Problem to work on:
Write out exactly the lines running from the line that includes "this 1000×1000 image." to the end of the data, both ends included, and nothing besides.

Given records:
....

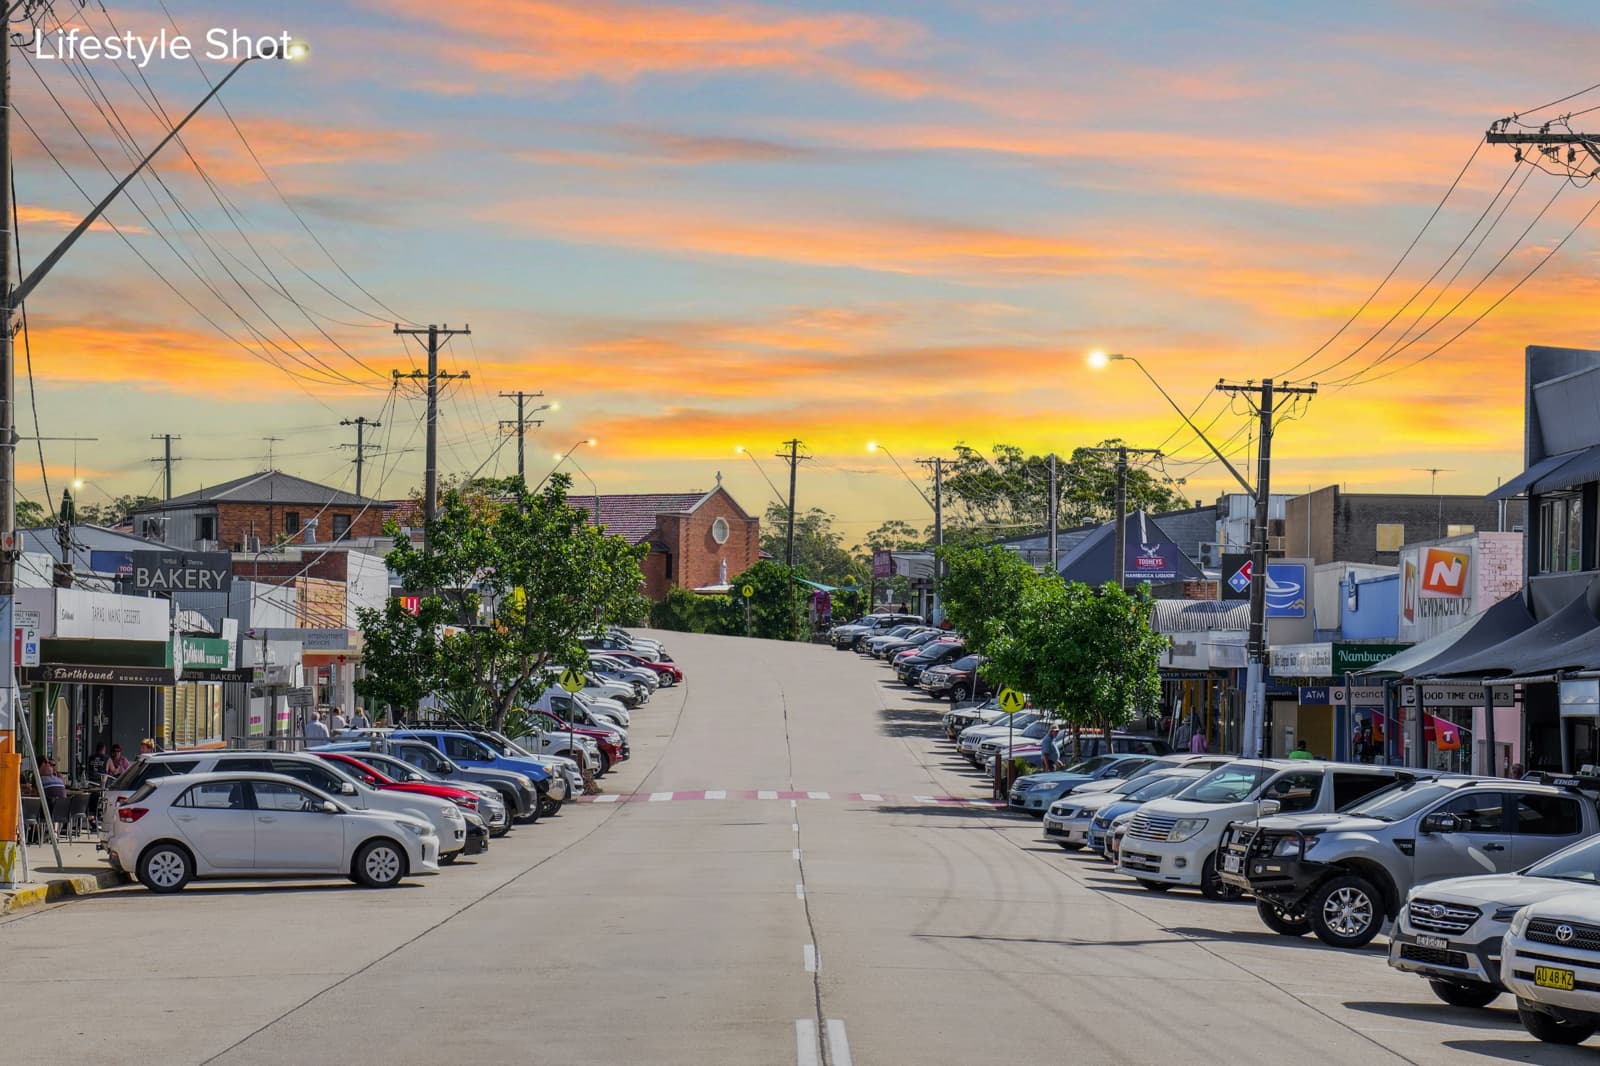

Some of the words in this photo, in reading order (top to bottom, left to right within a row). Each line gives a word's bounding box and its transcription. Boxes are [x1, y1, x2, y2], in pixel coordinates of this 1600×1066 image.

[1429, 557, 1462, 587] N
[136, 567, 227, 590] BAKERY
[27, 630, 35, 640] P
[54, 668, 114, 681] Earthbound
[210, 673, 242, 681] BAKERY
[1305, 691, 1325, 699] ATM
[1344, 690, 1384, 699] recinct
[1423, 691, 1444, 700] OOD
[1446, 691, 1466, 700] TIME
[1553, 778, 1581, 786] KINGS
[1536, 970, 1547, 983] AU
[1561, 973, 1573, 987] KZ
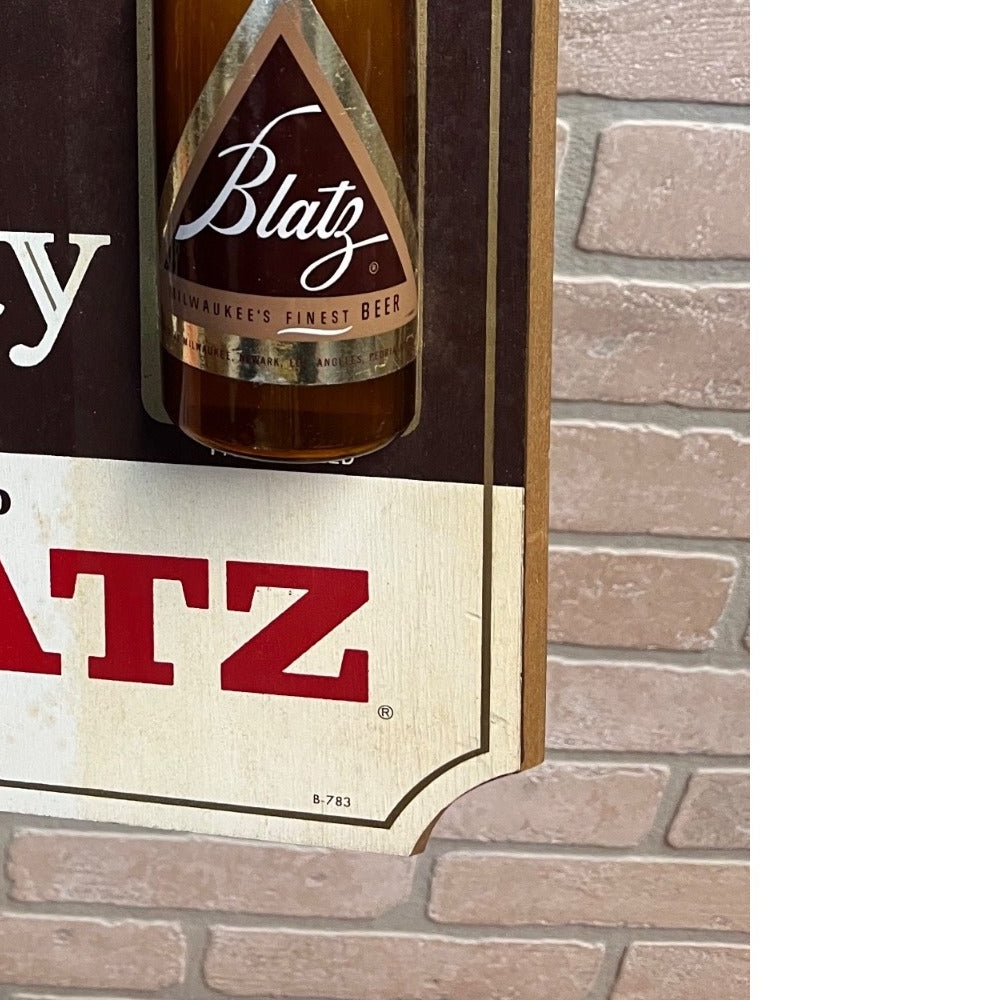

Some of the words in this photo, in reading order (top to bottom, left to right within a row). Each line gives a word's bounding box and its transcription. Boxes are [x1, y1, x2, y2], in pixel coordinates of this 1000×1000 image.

[174, 104, 389, 292] Blatz
[286, 309, 349, 325] FINEST
[361, 293, 400, 321] BEER
[313, 793, 351, 808] B-783

....

Problem solution:
Some of the words in this photo, in reading order (top to bottom, left to right within a row). Each line gives a word's bounding box and its transcription. Boxes are [x1, y1, x2, y2], in pixel coordinates of this 1000×1000 image.

[174, 104, 389, 292] Blatz
[286, 309, 349, 325] FINEST
[361, 293, 400, 321] BEER
[313, 793, 351, 808] B-783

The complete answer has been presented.